振付師はマイクを持つ手のことは考えますが、あとは音楽と体とコラボさせているのでしょう。歌のリズムや一部サビなどの構成とリンクはしますが、発声や共鳴などまでは考慮していないと思われます。ハードな踊りになると、歌は口パクで音源のを流すわけです。ダンスパフォーマンスでみせるステージングは、なおさら、個人としての声の重要性がわかりにくくなります。
それなら、喉に支障ありませんが、ハードな振付と歌うことは両立はしがたいのです。呼吸が乱れるからです。大体は、どの分野も、声は映像に合わせ後から入れるというのが主流になっています。

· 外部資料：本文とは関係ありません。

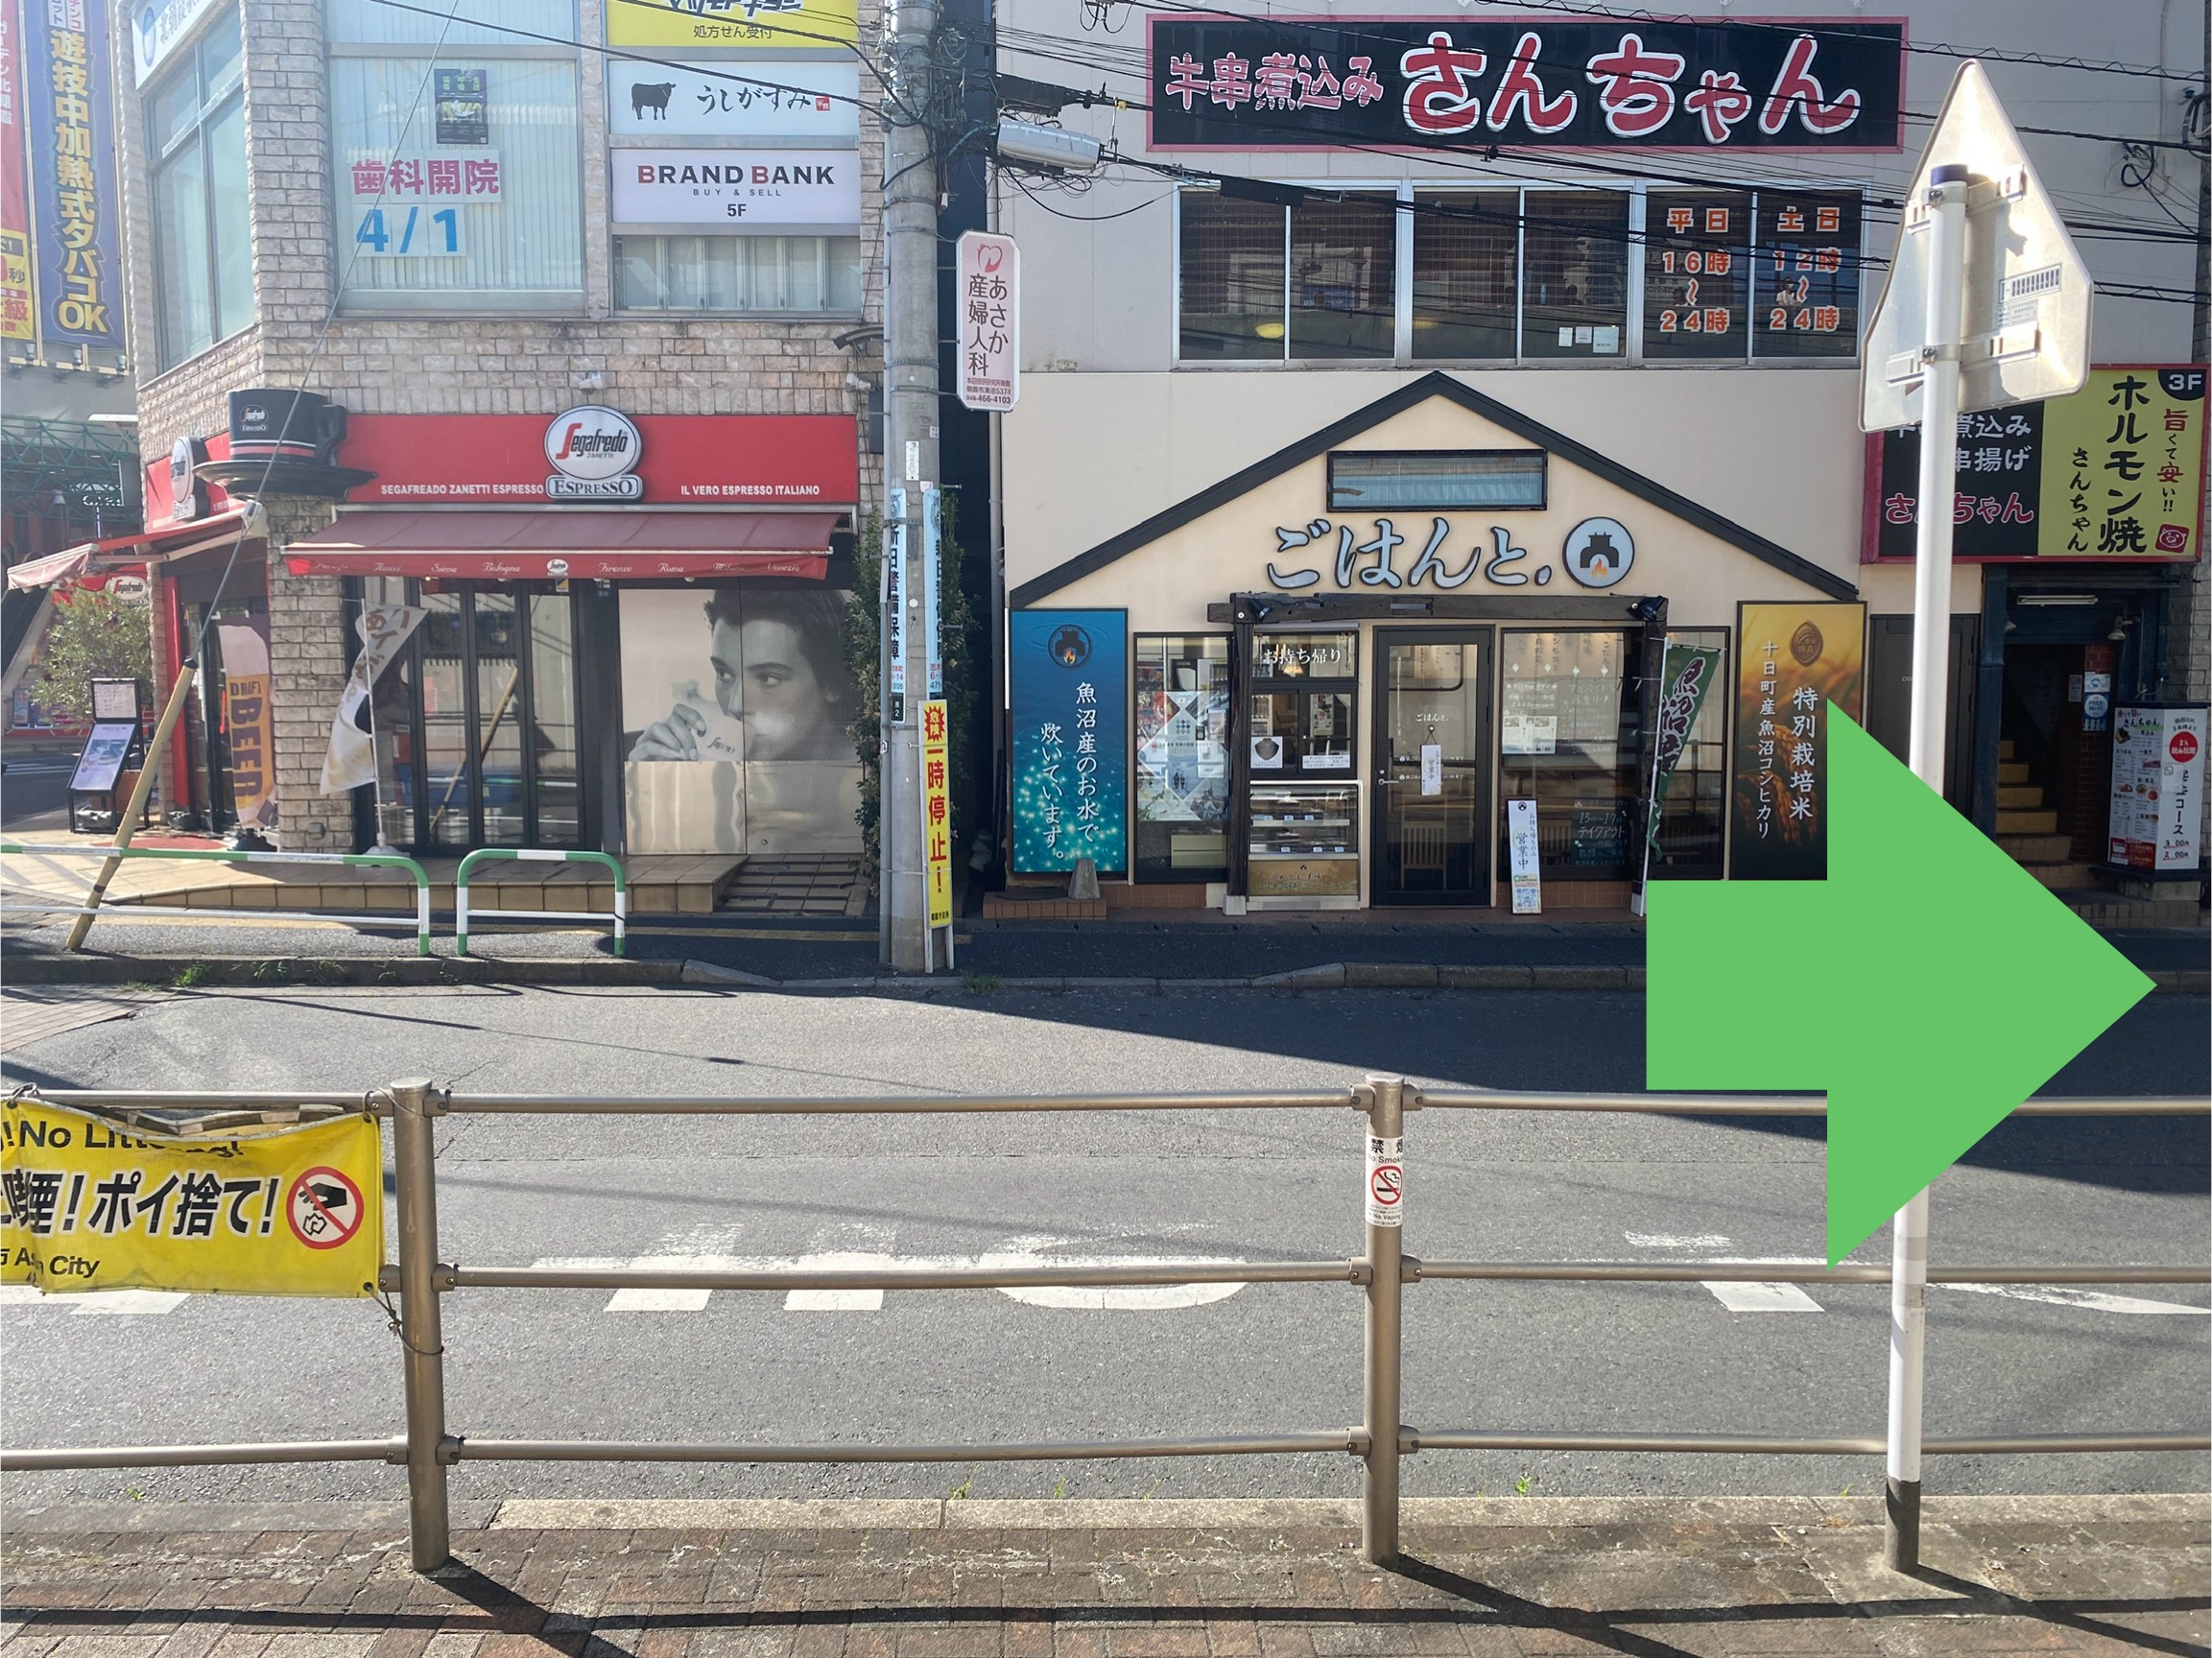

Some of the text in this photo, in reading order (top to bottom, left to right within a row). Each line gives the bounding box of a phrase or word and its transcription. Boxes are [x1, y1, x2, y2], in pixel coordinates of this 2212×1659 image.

[693, 25, 773, 39] 処方せん受付
[1164, 52, 1384, 112] 牛串煮込み
[1399, 31, 1863, 145] さんちゃん
[697, 84, 811, 115] うしがすみ
[50, 30, 107, 333] 遊技中加熱式タバコOK
[350, 159, 499, 196] 歯科開院
[637, 165, 835, 185] BRAND BANK
[726, 203, 747, 217] 5F
[1667, 207, 1729, 234] 平日
[1776, 205, 1840, 232] 土日
[356, 206, 458, 253] 4/1
[1662, 249, 1731, 276] 16時
[1773, 247, 1842, 273] 12時
[968, 273, 989, 377] 産婦人科
[989, 275, 1009, 354] あさか
[1660, 308, 1729, 334] 24時
[1770, 305, 1841, 332] 24時
[2168, 374, 2202, 391] 3F
[555, 423, 629, 460] Segafredo
[2098, 375, 2150, 554] ホルモン焼
[381, 485, 544, 495] SEGAFREADO ZANETTI ESPRESSO
[680, 486, 821, 495] IL VERO ESPRESSO ITALIANO
[2067, 447, 2091, 552] さんちゃん
[1886, 492, 2034, 524] さちゃん
[431, 563, 458, 573] Siena
[482, 562, 520, 574] Bologna
[598, 562, 631, 573] Firenze
[657, 563, 683, 573] Roma
[1263, 648, 1342, 665] お持ち帰り
[231, 697, 263, 796] BEER
[1756, 640, 1778, 839] 十日町産魚沼コシヒカリ
[1789, 686, 1819, 819] 特別栽培米
[1076, 681, 1099, 842] 魚沼産のお水で
[1040, 723, 1065, 859] 炊いています。
[927, 748, 947, 893] 一時停止!
[1578, 825, 1626, 839] テイクアウト
[1515, 832, 1529, 869] 営業中
[19, 1121, 71, 1148] No
[49, 1255, 100, 1278] City
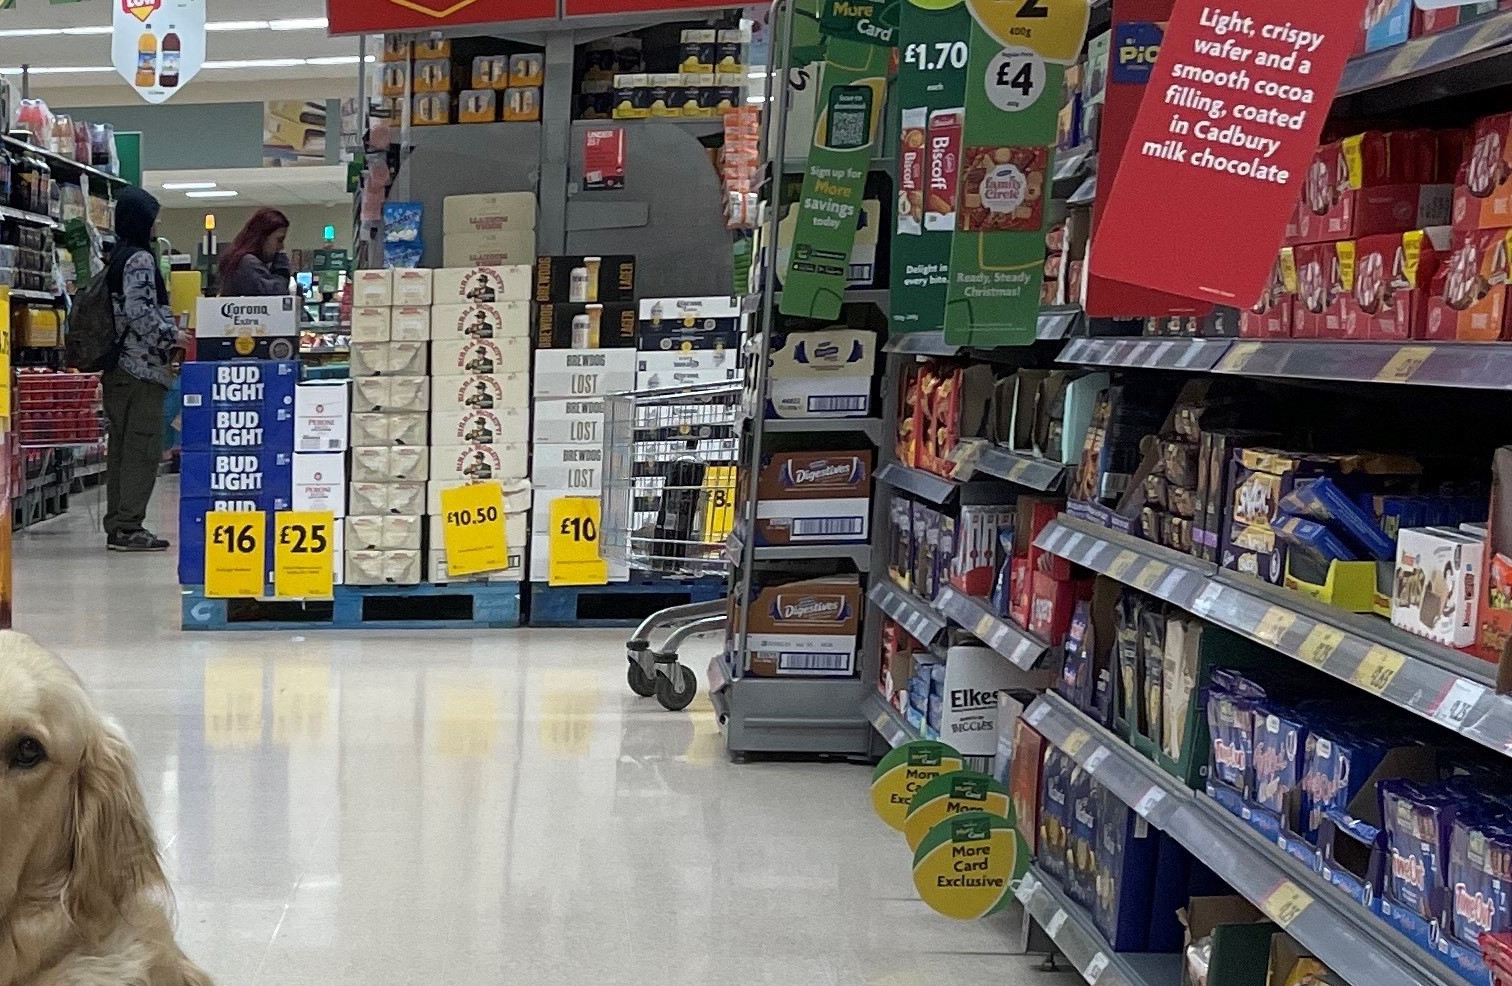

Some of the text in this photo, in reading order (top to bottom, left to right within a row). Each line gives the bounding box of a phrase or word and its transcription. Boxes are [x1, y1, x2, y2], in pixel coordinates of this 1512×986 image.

[833, 2, 873, 18] More
[856, 19, 893, 41] Card
[1200, 7, 1325, 51] Light, crispy
[904, 41, 968, 70] £1.70
[1194, 38, 1312, 74] wafer and a
[996, 61, 1034, 96] £4
[1172, 62, 1315, 104] smooth cocoa
[1164, 84, 1307, 130] filling, coated
[1169, 114, 1281, 158] in Cadbury
[903, 152, 917, 189] Biscoff
[931, 136, 950, 190] Biscoff
[1141, 140, 1290, 184] milk chocolate
[809, 166, 862, 179] Sign up for
[814, 180, 852, 197] More
[804, 197, 855, 217] savings
[813, 216, 841, 230] today
[618, 262, 634, 290] LAGER
[906, 264, 938, 276] Delight
[221, 302, 270, 319] Corona
[233, 317, 260, 326] Extra
[620, 310, 635, 338] LAGER
[566, 354, 606, 367] BREWDOG
[217, 366, 261, 384] BUD
[571, 374, 598, 394] LOST
[212, 384, 265, 402] LIGHT
[216, 411, 260, 429] BUD
[211, 429, 264, 446] LIGHT
[570, 421, 597, 441] LOST
[216, 455, 259, 473] BUD
[563, 449, 602, 462] BREWDOG
[211, 472, 263, 491] LIGHT
[567, 468, 595, 488] LOST
[795, 463, 850, 483] Digestives
[447, 506, 498, 527] £10.50
[212, 525, 257, 553] £16
[280, 524, 327, 553] £25
[560, 517, 596, 542] £10
[784, 601, 838, 618] Digestives
[951, 688, 999, 709] Elkes
[952, 845, 991, 859] More
[953, 857, 988, 873] Card
[937, 875, 1003, 888] Exclusive

本格的な歌い手ほど、声やことばを重視して最低限の動きでみせ、パフォーマンスを押さえます。バランスをどこに置くか、その人の個性、売りによって違うのです。
ヴォイトレからは声を中心、共鳴中心、喉の負担最小を基本とします。すると、声量を出さないでリスクを避けるとなり、それをことばでカバーする。となると、ことばも歌えて共鳴できるところ、楽器的な処理ができるレベルならよいのですが、大体は、このプロセス全体がロスになります。